Of the Lexington Utility Commission it is complained that the same was created by an Act of the Legislature, Session of 1935, Chapter 22, Public-Local and Private Laws of North Carolina, and was given full charge and control and general supervision and management of the electric light plant and other utilities of the City of Lexington with the power to collect all rents and profits accruing therefrom and making all disbursements on account of same and with full charge and control of the construction, repairing and alteration or enlargement of the electric light plant, the waterworks plant and the sewerage plant and the full power and authority to make all necessary contracts relating to the same including the purchase of all necessary sites, machinery, supplies and other property and the employment of the necessary labor and help in said construction, repairs, alteration, and enlargement; with other powers and duties set out in the foregoing laws of 1935 which are made a part of the complaint; that the said defendant was at all times referred to in the complaint, and is now an agency of the City of Lexington and that the employees or servants and agents of the defendant Lexington Utility Commission are in fact the employees and agents and servants of the defendant City of Lexington; and that the servants, agents and employees of the Lexington Utility Commission were on the 2nd day of December 1949, the date of intestate's injury, acting as employees of the City of Lexington and were under the direction of the City of Lexington and its agency, the Lexington Utility Commission.

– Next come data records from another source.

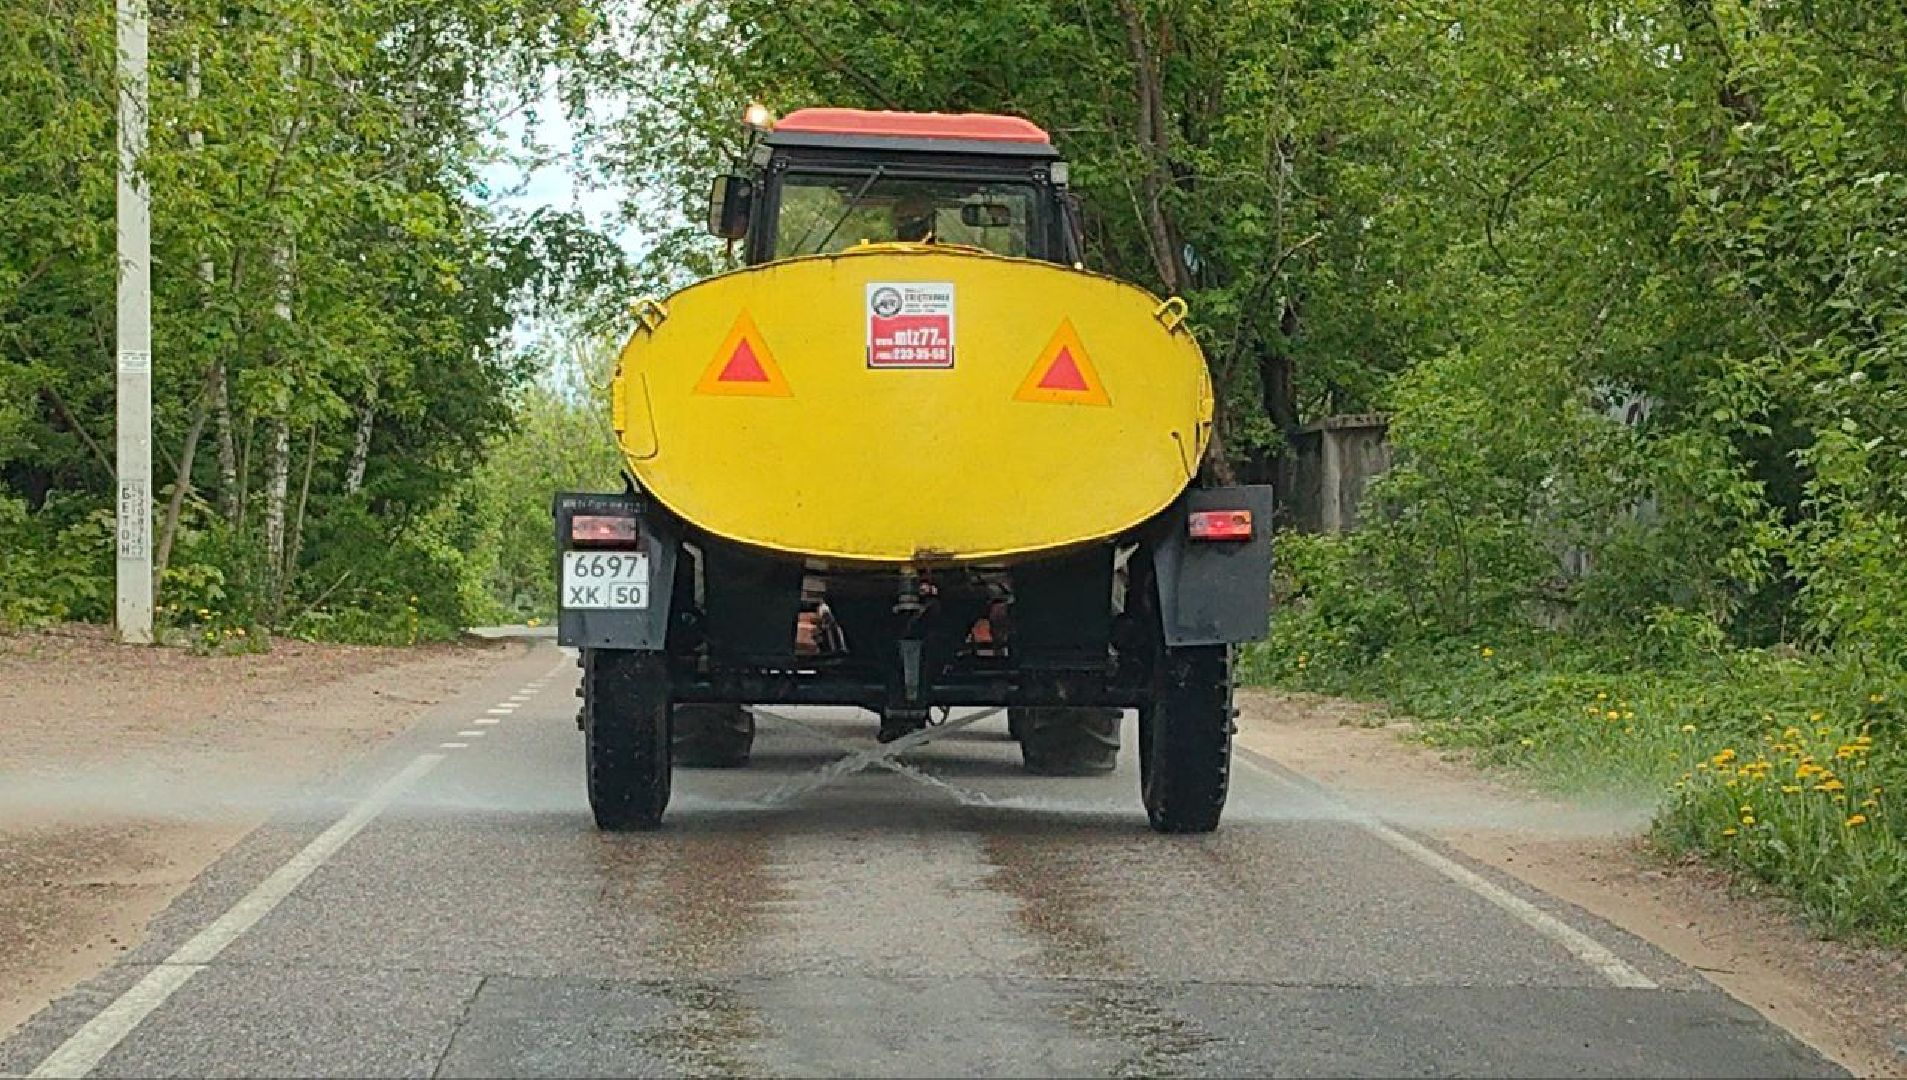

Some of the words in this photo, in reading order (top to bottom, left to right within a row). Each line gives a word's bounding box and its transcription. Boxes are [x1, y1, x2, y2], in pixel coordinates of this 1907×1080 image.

[121, 487, 130, 555] БЕТОН
[574, 555, 638, 578] 6697
[569, 586, 600, 605] ХК
[615, 586, 641, 605] 50
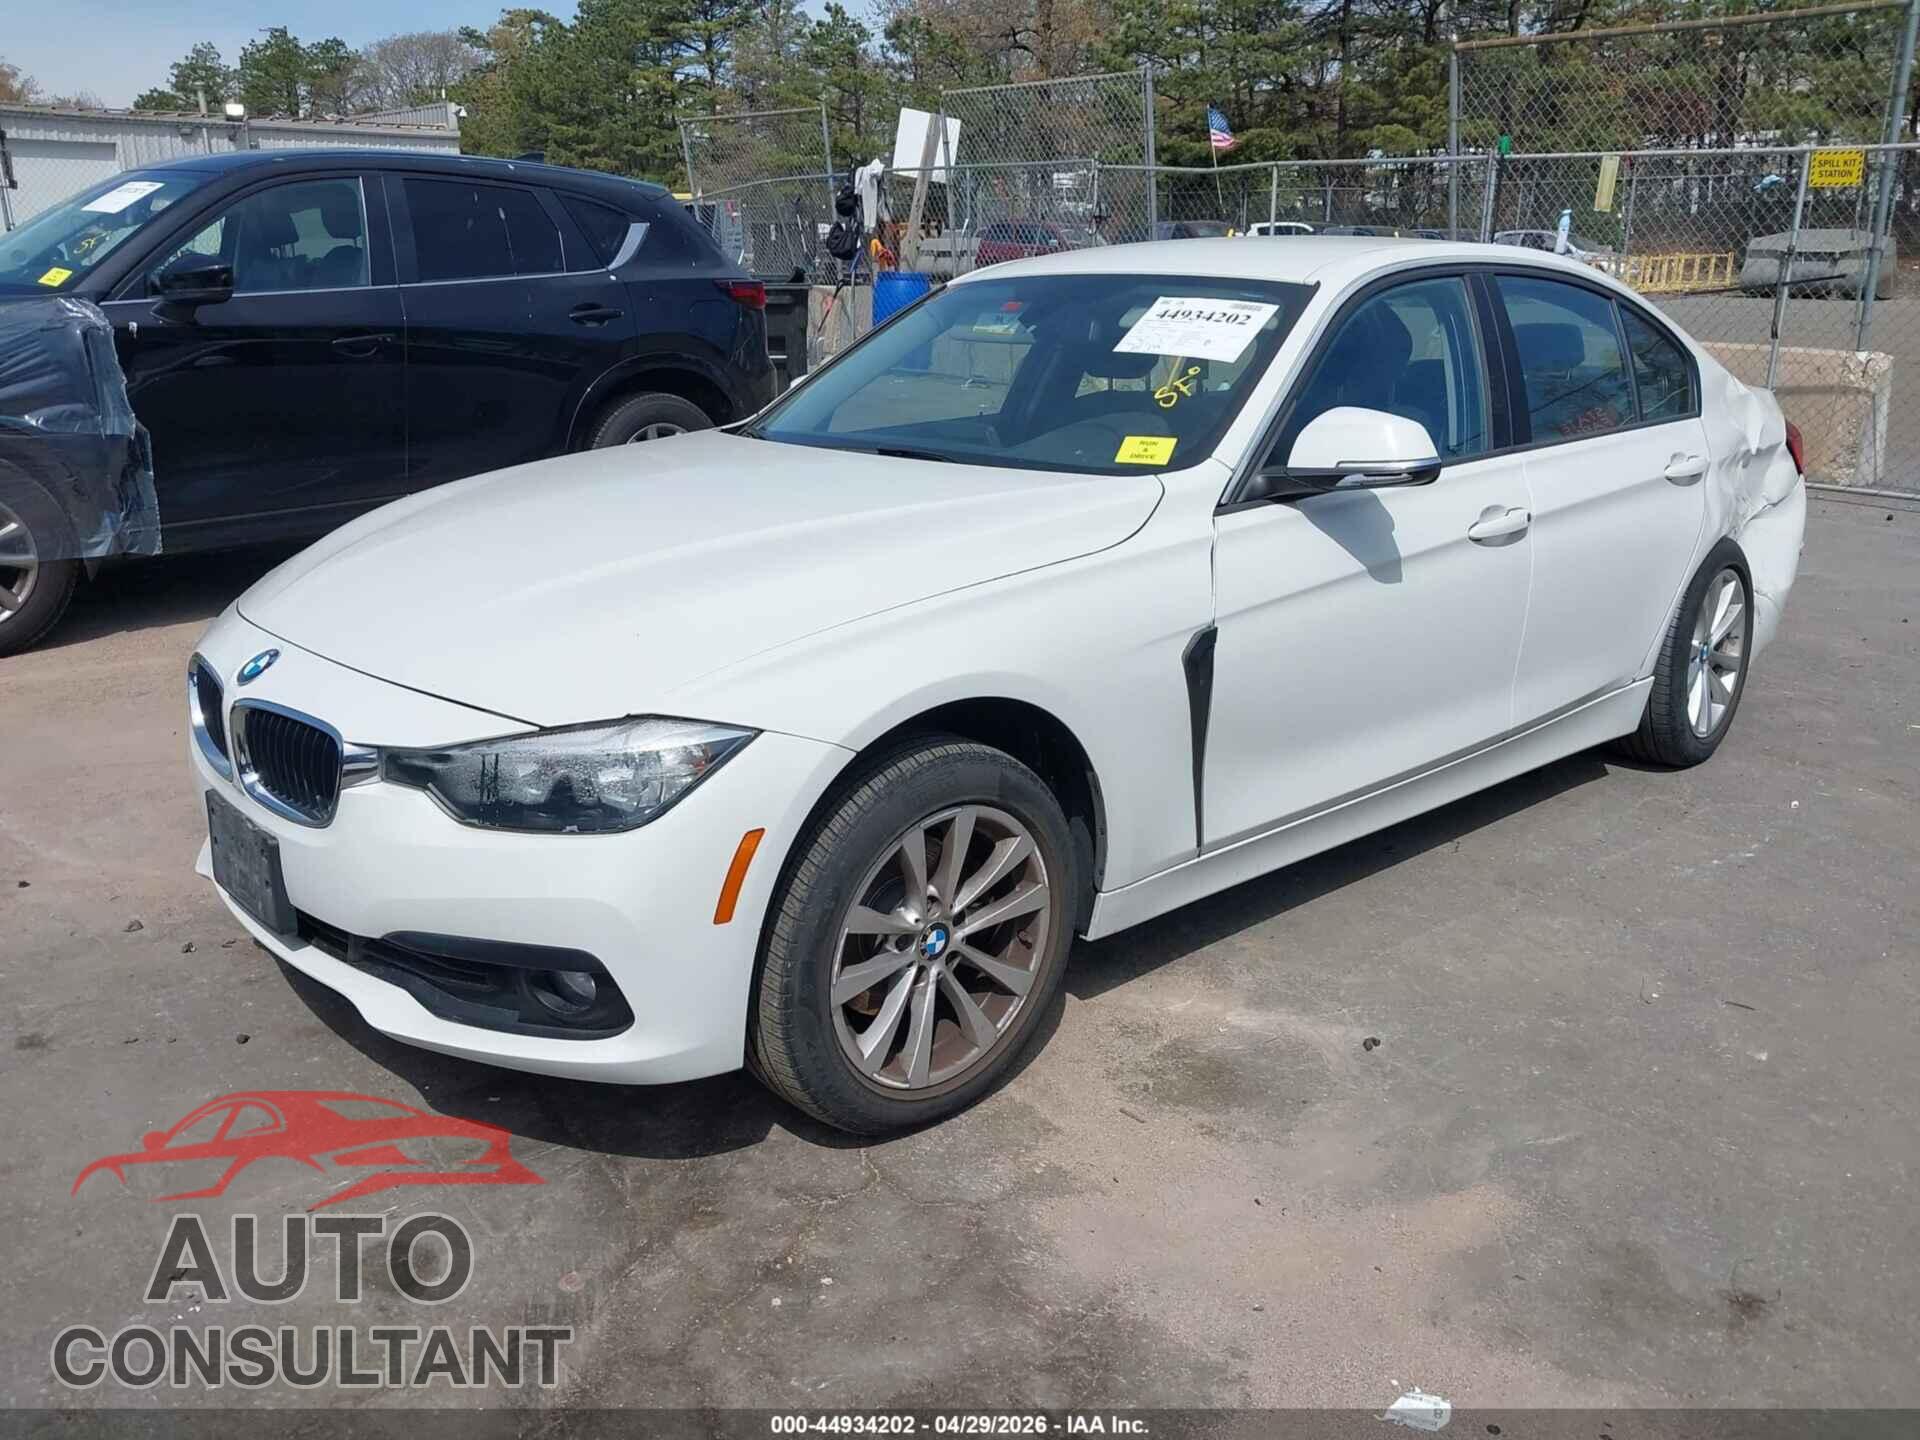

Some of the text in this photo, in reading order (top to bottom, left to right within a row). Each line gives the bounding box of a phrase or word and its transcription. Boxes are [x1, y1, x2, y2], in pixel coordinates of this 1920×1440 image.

[1818, 158, 1857, 167] SPILL KIT
[1818, 169, 1853, 177] STATION
[1156, 308, 1252, 325] 44934202

That the defendant City of Lexington and the defendant Lexington Utility Commission had been for many years engaged in the business of furnishing and selling for profit electric current throughout the City of Lexington and other areas of Davidson County and were acquainted with the dangers of electricity and of high voltage electric wires and that they knew from years of handling said electric current that wires were dangerous and unsafe unless properly insulated and kept at a proper distance from the ground or from buildings adjacent to the said electric wires.

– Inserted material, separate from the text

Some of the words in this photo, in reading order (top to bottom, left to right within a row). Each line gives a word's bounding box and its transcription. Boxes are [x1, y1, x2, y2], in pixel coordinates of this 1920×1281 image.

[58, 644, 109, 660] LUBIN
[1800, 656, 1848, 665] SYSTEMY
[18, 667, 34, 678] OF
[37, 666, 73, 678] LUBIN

Coming to the circumstances of the injury, the complaint further sets out that on or about 30 May 1949, the Dixie Furniture Company, a corporation located particularly on South Salisbury Street and East Fourth Avenue in the City of Lexington, applied to the authorities of the City of Lexington for permission to erect a tramway running across South Salisbury Street from the southeast side to the northwest side of South Salisbury Street and running thence across East Fourth Avenue from the northeastern side thereof to the southwestern side thereof in order that the said company might move its manufactured furniture backwards and forwards from its buildings already erected to a new building which it was erecting or had erected on the south side of East Fourth Avenue and on the west side of South Salisbury Street.

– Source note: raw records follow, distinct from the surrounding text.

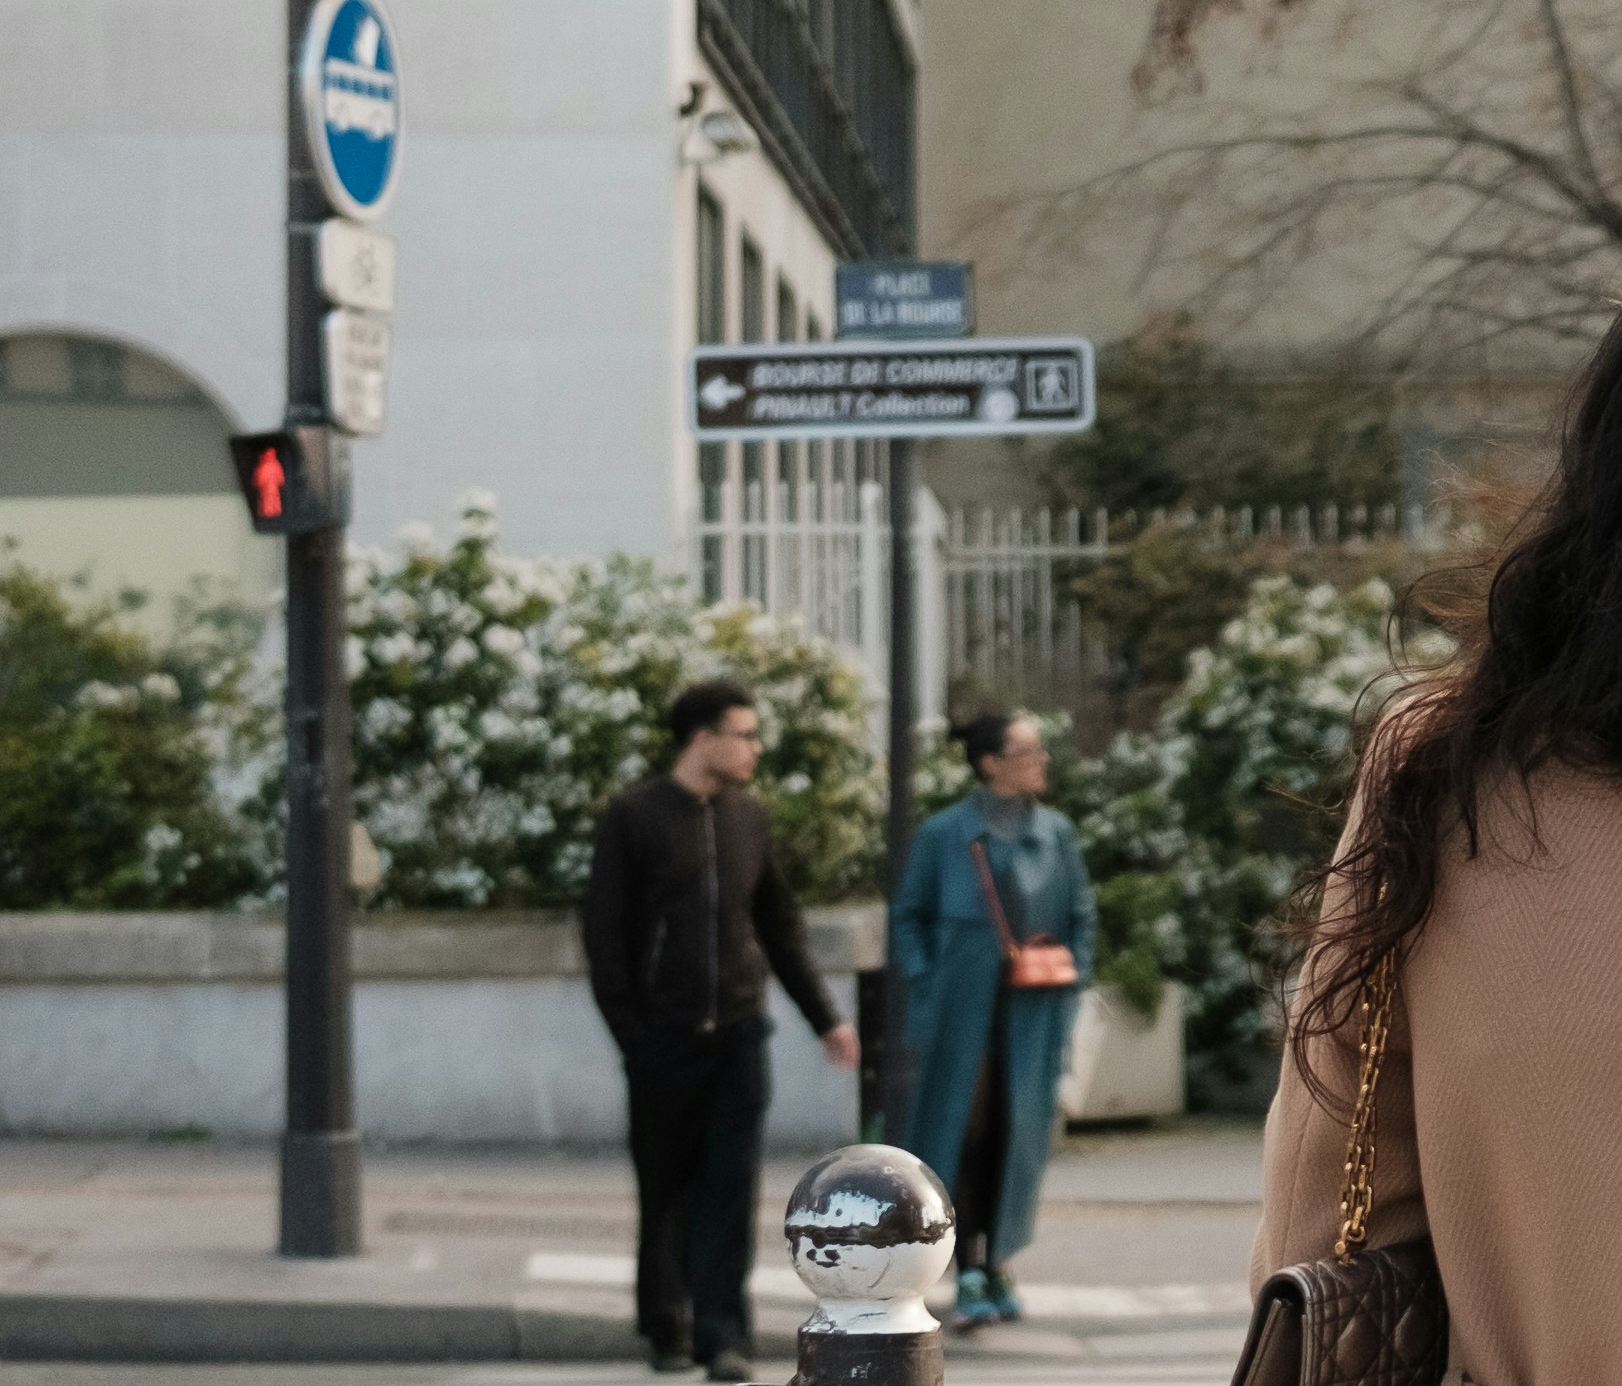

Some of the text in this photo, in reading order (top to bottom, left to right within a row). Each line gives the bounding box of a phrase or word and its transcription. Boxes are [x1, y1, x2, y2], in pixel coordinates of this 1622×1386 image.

[874, 273, 930, 296] PLACE
[870, 301, 893, 324] LA
[898, 300, 962, 324] BOURSE
[753, 357, 1017, 387] BOURSE DE COMMERCE
[753, 392, 971, 418] PINAULT Collection

It alleged further that after the furniture company applied for permission to build the said tramway or catwalk across these streets to its new building lately erected, the City of Lexington, through its servants, agents and employees, granted the said permission to build the tramway to the said new building; and in order to enable the furniture company to build the tramway or catwalk the defendants through their servants, agents and employees moved a number of electric lines which theretofore had been fastened to a pole along the south curb of East Fourth Avenue and placed them upon poles on the north side of East Fourth Avenue, and raised the said wires in order to clear the contemplated catwalk or tramway to be built by the furniture company; that they raised together the low voltage wires a short distance above the top of the roof of the contemplated catwalk and along with them raised several high voltage wires approximately four feet above the top of the roof of the catwalk; and that at the time the said defendant moved the said low voltage wires and high voltage wires from the south side to the north side of the street, the said wires were uninsulated at many places and were in an unsafe or dangerous condition to the knowledge of the said defendants. And that the city knew or should have known that the said wires were uninsulated and that there were large parts of the insulation broken off from both the low voltage and high voltage wires and that the said defendants failed to replace the said uninsulated wire with the wires having proper insulation but that they strung the said low voltage and high voltage wiles above the point where the top of the proposed catwalk or tramway was to reach, knowing at the time that the said wires were dangerous and unsafe with reference to any persons who might be engaged in building the said tramway or catwalk or to any persons who might from time to time be upon or in the said tramway or catwalk.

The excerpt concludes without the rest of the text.